One of the first microarray studies designed to identify a gene-set predictive of prognosis in breast cancer was that undertaken by van’t Veer and colleagues (van’t Veer et al, 2002). They developed a 70-gene set capable of predicting the development of metastatic disease in a group of 98 patients made up of 34 who had developed metastasis within 5-years of follow-up, 40 patients who remained disease-free at 5-years, 18 patients with a BRCA-1 mutation, and 2 patients with a BRCA-2 mutation. The 70-gene signature was subsequently validated in a set of 295 breast cancers, including the group used to train the model, and shown to be more accurate than standard histopathological parameters at predicting outcome in these breast cancer patients (van de Vijver et al, 2002).
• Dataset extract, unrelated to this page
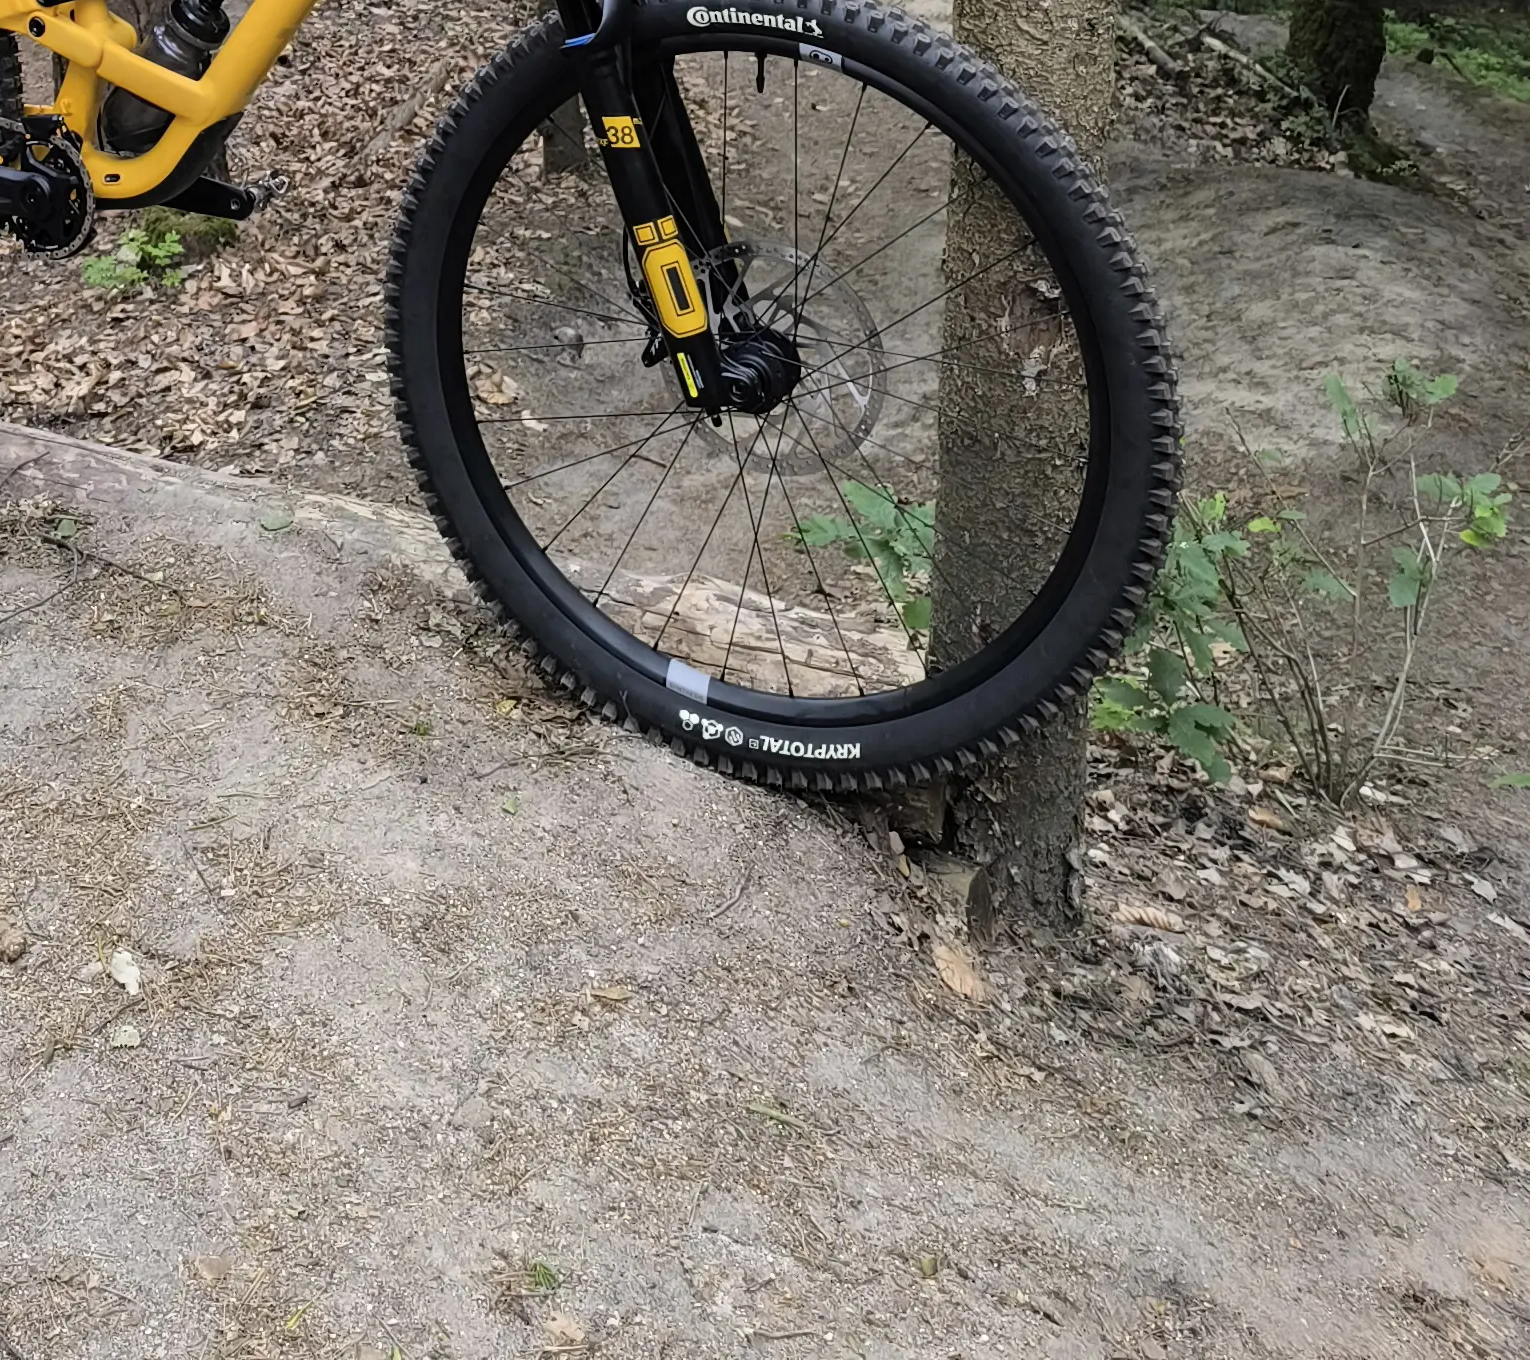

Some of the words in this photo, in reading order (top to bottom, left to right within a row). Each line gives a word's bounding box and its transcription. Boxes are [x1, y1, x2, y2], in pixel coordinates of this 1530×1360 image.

The signature includes many genes involved in proliferation, and genes associated with invasion, metastasis, stromal integrity and angiogenesis are also represented. This 70-gene prognostic signature classifies patients based on correlation with a “good-prognosis” gene expression profile; a coefficient of greater than 0.4 is classified as good prognosis. The signature was initially criticised for the inclusion of some patients in both the discovery and validation stages (van de Vijver et al, 2002). However, it has been subsequently validated in multiple cohorts of node-positive and node-negative patients and has been shown to outperform traditional clinical and histological parameters at predicting prognosis (Buyse et al, 2006; Mook et al, 2009).
3.3.1. Mammaprint assay
The 70-gene signature was approved by the FDA to become the MammaPrint Assay (Agendia BV, Amsterdam, The Netherlands); the first fully commercialized microarray based multigene assay for breast cancer. This prognostic tool is now available and can be offered to women under the age of 61 years with lymph node negative breast cancer. The MammaPrint test results are dichotomous, indicating either a high or low risk of disease recurrence, and the test performs best at the extremes of the spectrum of disease outcome i.e. identifying patients with a very good or a very poor prognosis.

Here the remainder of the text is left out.